TACACS+ Client Commands

tacplus

Syntax

[no] tacplus

Context

config>system>security

Description

This command enables the context to configure TACACS+ authentication on the 7705 SAR.

For redundancy, multiple server addresses can be configured for each 7705 SAR.

The no form of the command removes the TACACS+ configuration.

accounting

Syntax

accounting [record-type {start-stop | stop-only}]

no accounting

Context

config>system>security>tacplus

Description

This command enables TACACS+ accounting and configures the type of accounting record packet that is to be sent to the TACACS+ server. The record-type parameter indicates whether TACACS+ accounting start and stop packets will be sent or just stop packets will be sent.

Default

record-type stop-only

Parameters

record-type start-stop

specifies that a TACACS+ start packet is sent whenever the user executes a command and a stop packet is sent when the command is complete

record-type stop-only

specifies that a stop packet is sent when the command execution is complete

authorization

Syntax

[no] authorization

Context

config>system>security>tacplus

Description

This command configures TACACS+ authorization parameters for the system.

Default

no authorization

server

Syntax

server index address ip-address secret key [hash | hash2] [port port]

no server index

Context

config>system>security>tacplus

Description

This command adds a TACACS+ server and configures the TACACS+ server IP address, index, and key values.

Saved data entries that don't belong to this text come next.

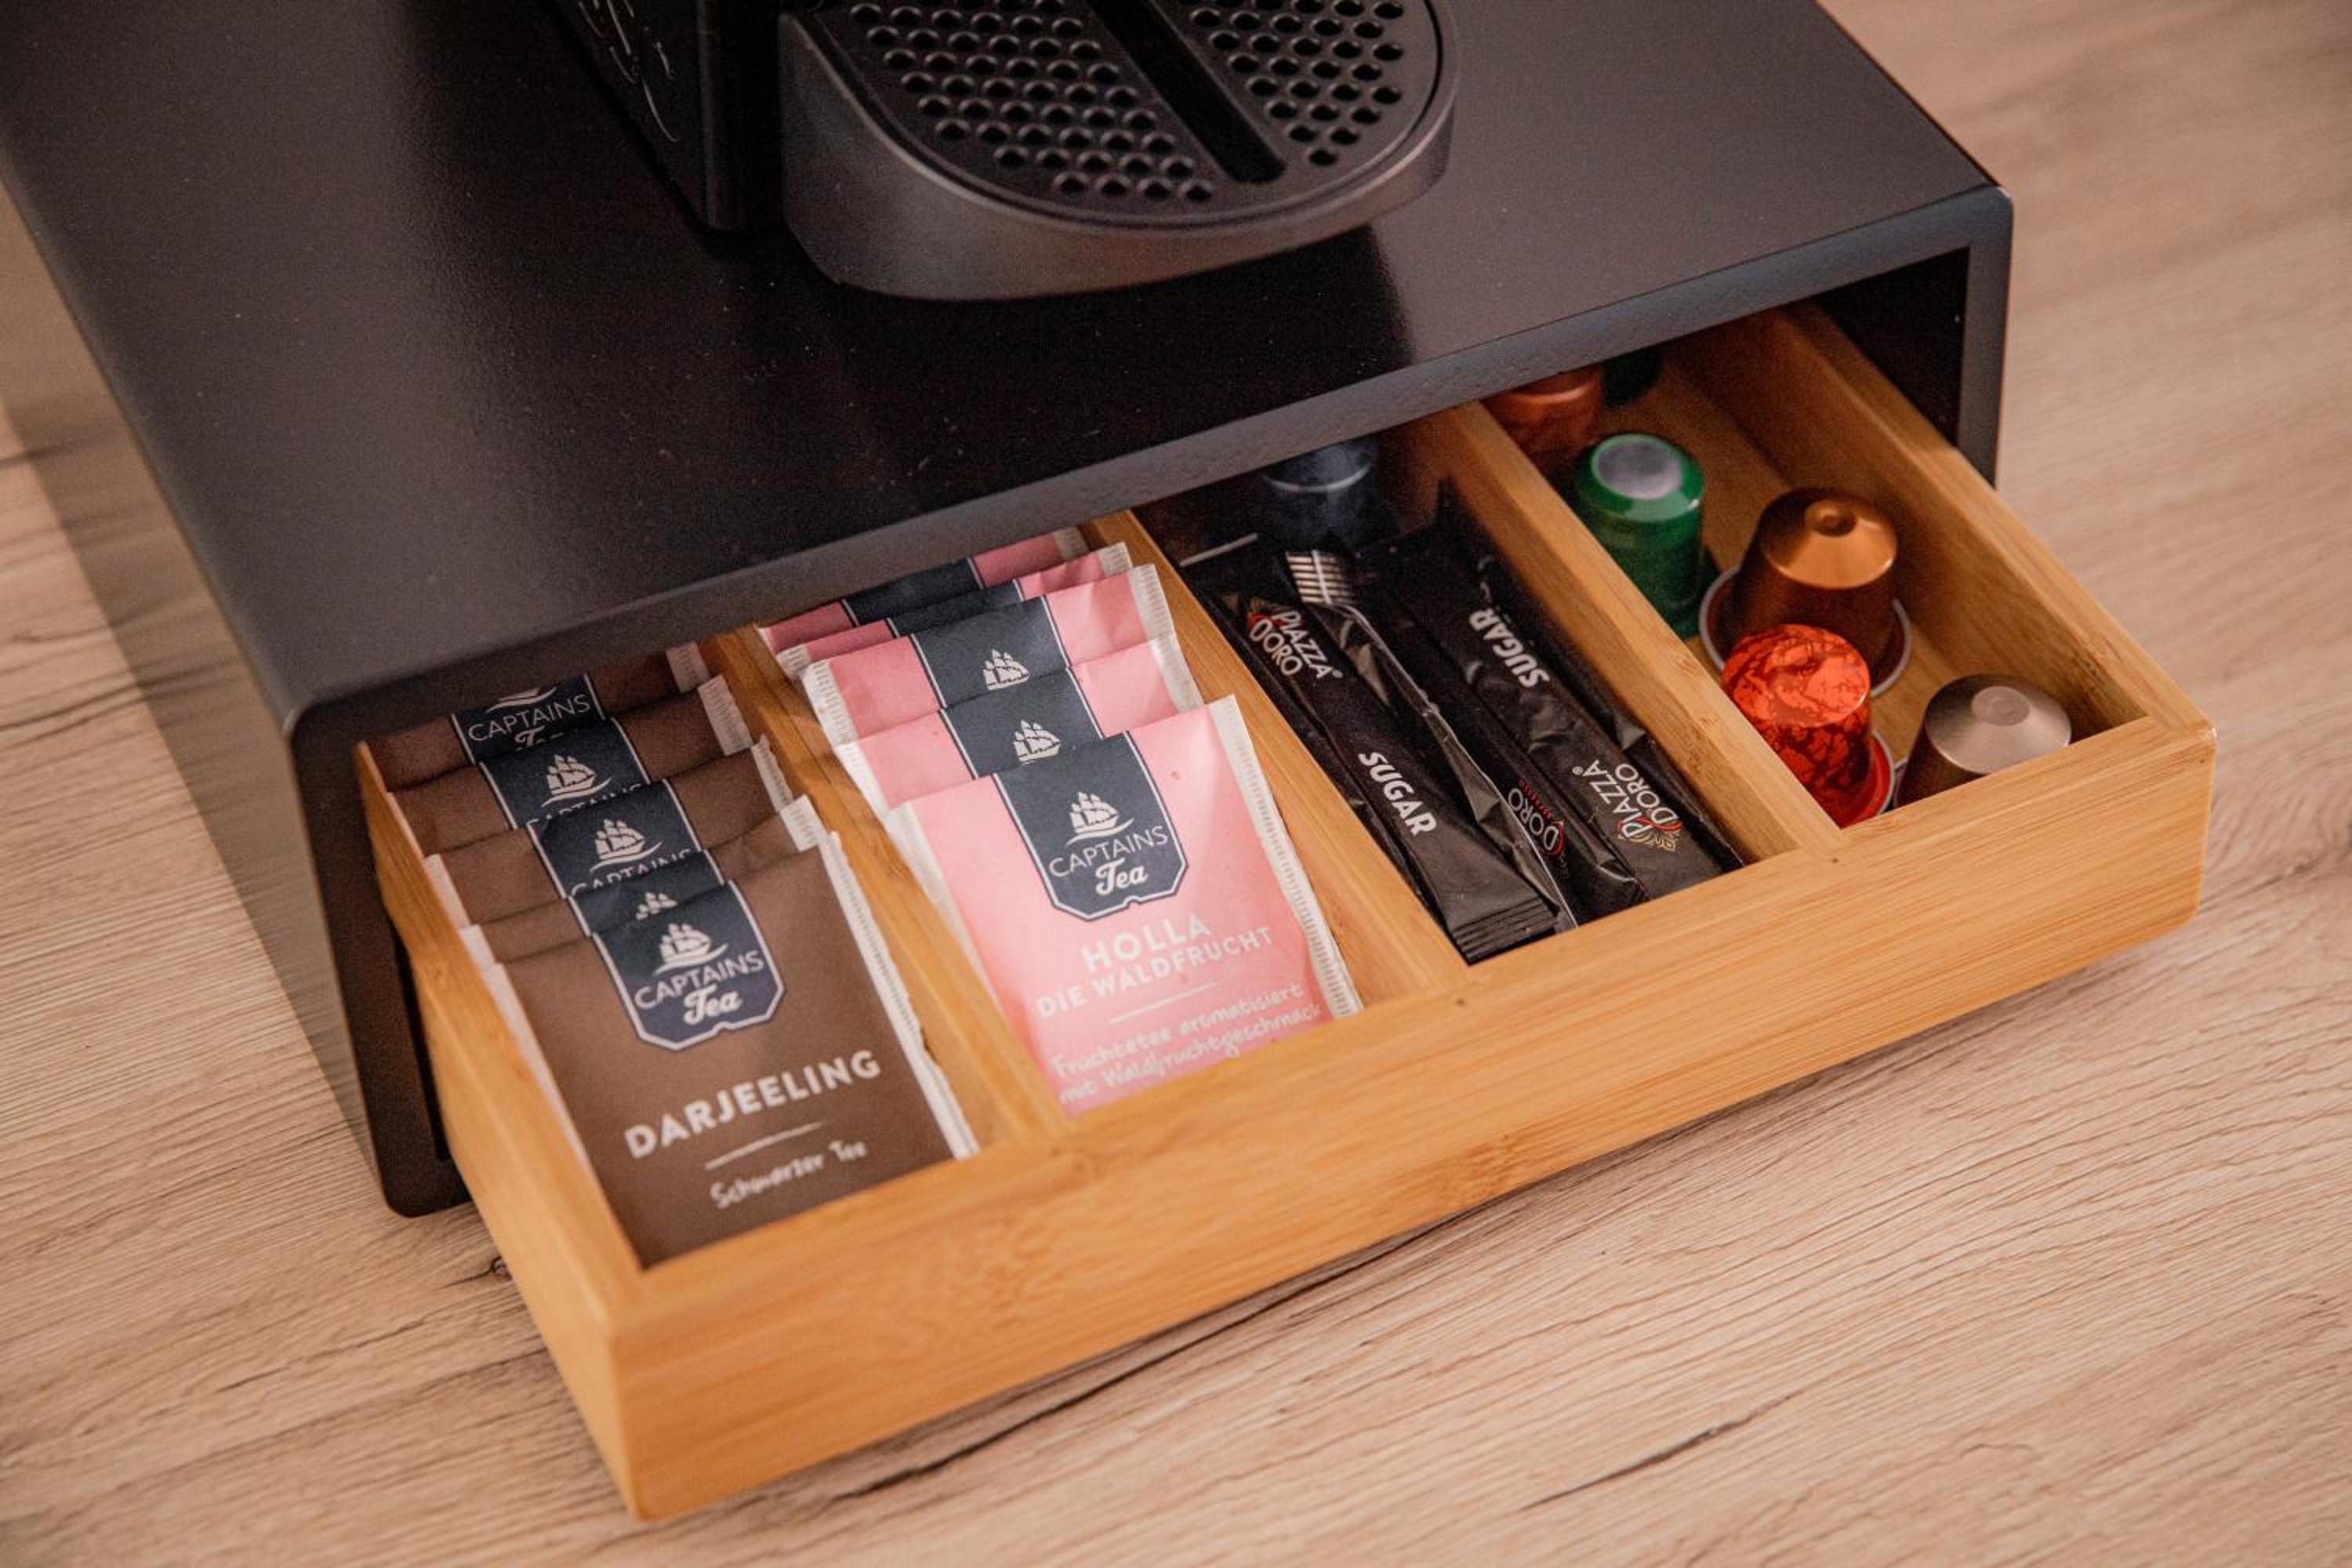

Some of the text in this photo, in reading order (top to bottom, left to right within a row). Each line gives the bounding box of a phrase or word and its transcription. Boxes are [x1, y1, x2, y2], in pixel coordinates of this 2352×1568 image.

[1469, 607, 1550, 688] SUGAR
[468, 694, 590, 741] CAPTAINS
[1358, 751, 1438, 837] SUGAR
[1048, 826, 1168, 877] CAPTAINS
[1094, 857, 1149, 896] Tea
[1080, 913, 1211, 974] HOLLA
[634, 949, 764, 1010] CAPTAINS
[1036, 927, 1274, 1018] DIE WALDFRUCHT
[683, 982, 742, 1025] Tea
[1178, 982, 1305, 1036] aromatisiert
[624, 1050, 881, 1159] DARJEELING
[828, 1139, 867, 1163] Tee
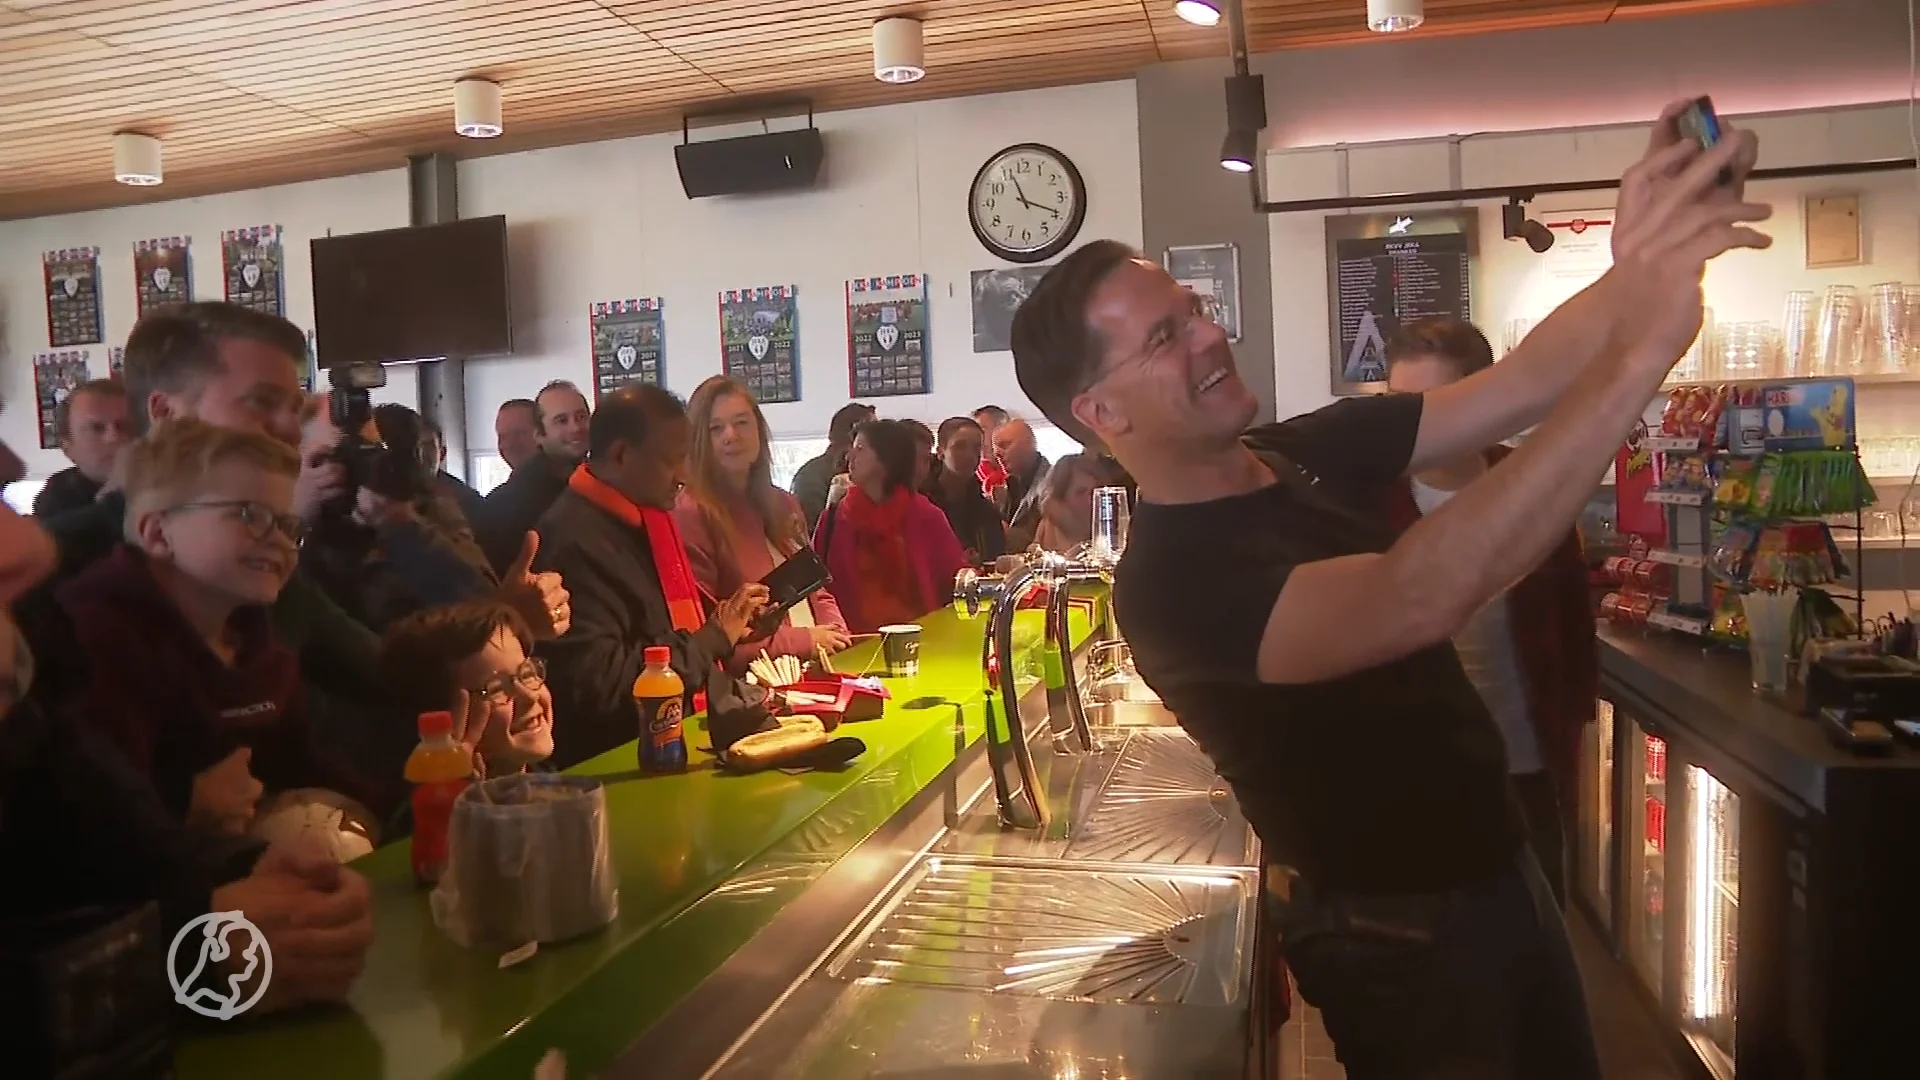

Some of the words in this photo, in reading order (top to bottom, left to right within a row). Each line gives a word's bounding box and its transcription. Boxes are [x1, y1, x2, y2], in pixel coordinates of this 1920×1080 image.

[1016, 161, 1030, 174] 12
[1002, 168, 1013, 181] 11
[991, 183, 1005, 195] 10

Up to five TACACS+ servers can be configured at any one time. TACACS+ servers are accessed in order from the lowest index to the highest index for authentication requests.

The no form of the command removes the server from the configuration.

Default

no TACACS+ servers are configured

Parameters

index

the index for the TACACS+ server. The index determines the sequence in which the servers are queried for authentication requests. Servers are queried in order from the lowest index to the highest index.

Values

1 to 5

ip-address

the IP address of the TACACS+ server. Two TACACS+ servers cannot have the same IP address. An error message is generated if the server address is a duplicate.

Values

ipv4-address:       a.b.c.d (host bits must be 0)

ipv6-address:        x:x:x:x:x:x:x:x (eight 16-bit pieces)

                                 x:x:x:x:x:x:d.d.d.d

                                   x:   [0 to FFFF]H

                                   d:   [0 to 255]D

key

the secret key to access the RADIUS server. This secret key must match the password on the TACACS+ server.

Values

up to 128 characters in length

hash

specifies that the key is entered in an encrypted form. If the hash parameter is not used, the key is assumed to be in an unencrypted, clear text form. For security, all keys are stored in encrypted form in the configuration file with the hash parameter specified.

hash2

specifies that the key is entered in a more complex encrypted form. If the hash2 parameter is not used, the less encrypted hash form is assumed.

port

the port ID

Values

0 to 65535

timeout

Syntax

timeout seconds

no timeout

Context

config>system>security>tacplus

Description

This command configures the number of seconds the router waits for a response from a TACACS+ server.

The no form of the command reverts to the default value.

Default

3

Parameters

seconds

the number of seconds the router waits for a response from a TACACS+ server, expressed as a decimal integer

Values

1 to 90

use-default-template

Syntax

[no] use-default-template

Context

config>system>security>tacplus

Description

This command specifies whether the user template defined by this entry is to be actively applied to the TACACS+ user.